Decided on April 15, 2021
SUPREME COURT, APPELLATE TERM, SECOND DEPARTMENT, 9th and 10th JUDICIAL DISTRICTS
PRESENT: : JERRY GARGUILO, J.P., TERRY JANE RUDERMAN, ELIZABETH H. EMERSON, JJ
2019-1643 N CR

The People of the State of New York, Appellant,

against

Kaitlyn Johnson, Respondent.

Nassau County District Attorney (Tammy J. Smiley and Yael V. Levy of counsel), for appellant. Keith LaVallee, for respondent (no brief filed).

Appeals from orders of the Long Beach City Court, Nassau County (Corey E. Klein, J.), dated July 10, 2019 and issued September 27, 2019, respectively. The July 10, 2019 order granted the branch of defendant's motion seeking to suppress all evidence on the ground that the stop of defendant's vehicle was illegal. The September 27, 2019 order dismissed the accusatory instruments.

ORDERED that the order issued September 27, 2019 is reversed, on the law, and the accusatory instruments are reinstated; and it is further,

ORDERED that the order dated July 10, 2019 is reversed, on the law, the branch of defendant's motion seeking to suppress all evidence on the ground that the stop of defendant's vehicle was illegal is denied and the matter is remitted to the City Court for a determination of the remaining branches of defendant's motion.

In July 2018, separate informations were filed charging defendant with driving while ability impaired by drugs (Vehicle and Traffic Law § 1192 [4]), driving while ability impaired by the combined influence of drugs or of alcohol and any drug or drugs (Vehicle and Traffic Law § 1192 [4-a]), and driving on a sidewalk (Vehicle and Traffic Law § 1225-a), respectively. A combined Ingle/Dunaway/Huntley hearing was held, after which the City Court issued an order, dated July 10, 2019, finding that "the People have not met their burden of establishing the legality of the traffic stop. As such, all evidence and statements which are the subject of this hearing . . . are suppressed." In August 2019, the People moved for leave to reargue, which motion defendant opposed. By order dated September 27, 2019, the City Court granted leave to [*2]reargue and, upon reargument, adhered to its July 2019 determination. Thereafter, from the bench on September 27, 2019, the City Court dismissed the accusatory instruments. On appeal, the People argue, among other things, that the stop of defendant's vehicle was lawful.

At the hearing, Police Officer Wiemann testified that he received a radio call reporting that people had been observed smoking marihuana in a white Nissan, the license plate number of which was provided, traveling south at a specified location on Monroe Boulevard. The radio call was based on a tip from a female who stated that she had made the observation. When he received the radio call, Wiemann happened to be driving his police car on Monroe Boulevard directly behind the Nissan bearing the license plate in question.

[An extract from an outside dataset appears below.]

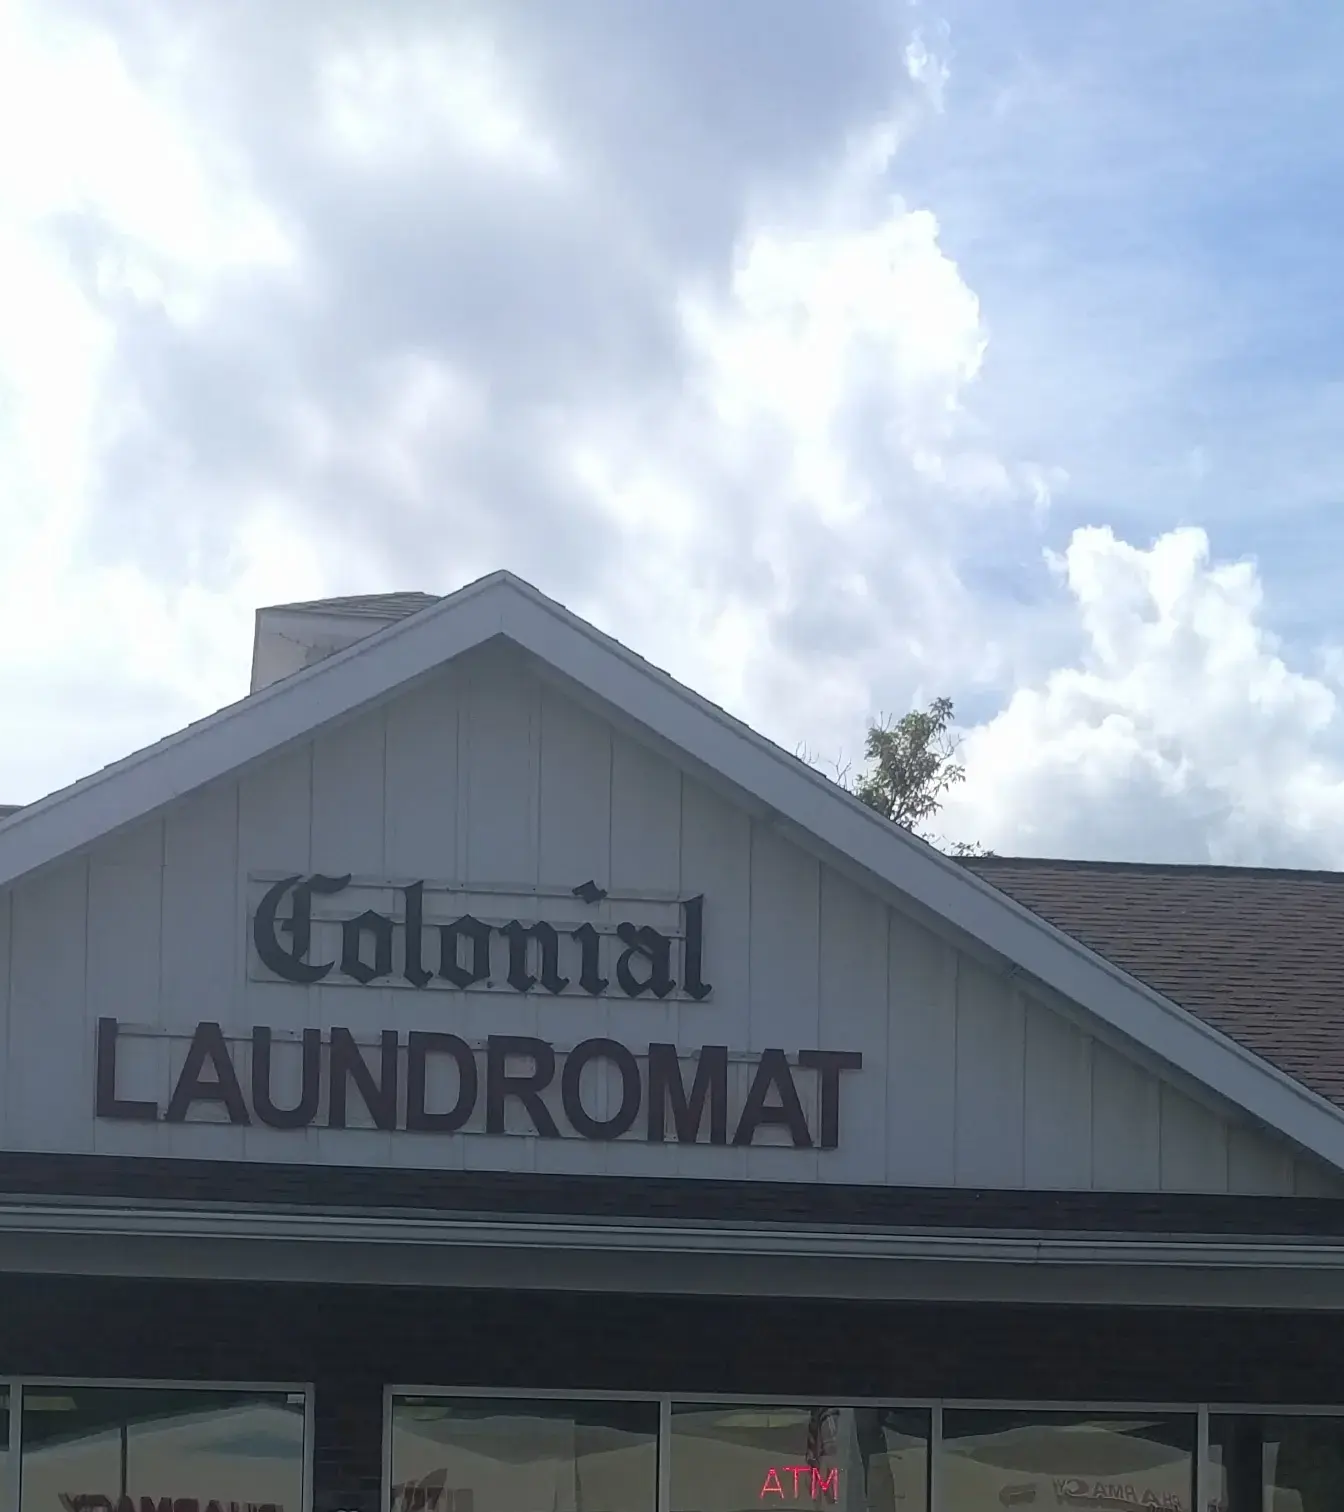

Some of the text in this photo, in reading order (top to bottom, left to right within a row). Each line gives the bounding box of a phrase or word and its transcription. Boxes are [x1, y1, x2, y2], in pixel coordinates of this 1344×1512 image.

[253, 873, 713, 1000] Colonial
[96, 1017, 863, 1149] LAUNDROMAT
[759, 1465, 840, 1503] ATM

Wiemann observed the vehicle make a right turn from Monroe Boulevard onto East Park Avenue. As the Nissan made the turn, the two passenger side tires of the Nissan went up onto the curb. Police Officer Arroyo testified that, when she arrived on Monroe Boulevard, she saw Wiemann's police car following behind the Nissan, and she also observed the tires of the Nissan go up onto the curb. Both Wiemann and Arroyo testified that, within seconds after the Nissan completing making the right turn, Wiemann turned on his police car's emergency lights and stopped the Nissan. The officers detected the odor of marihuana emanating from defendant, the driver, and from inside the Nissan. Defendant was subsequently arrested.

The pertinent part of Vehicle and Traffic Law § 1225-a, "Driving on sidewalks," provides as follows:

"No person shall drive a motor vehicle on or across a sidewalk, except that a vehicle may be driven at a reasonable speed, but not more than five miles per hour, on or across a sidewalk in such manner as not to interfere with the safety and passage of pedestrians thereon, who shall have the right of way, when it is reasonable and necessary."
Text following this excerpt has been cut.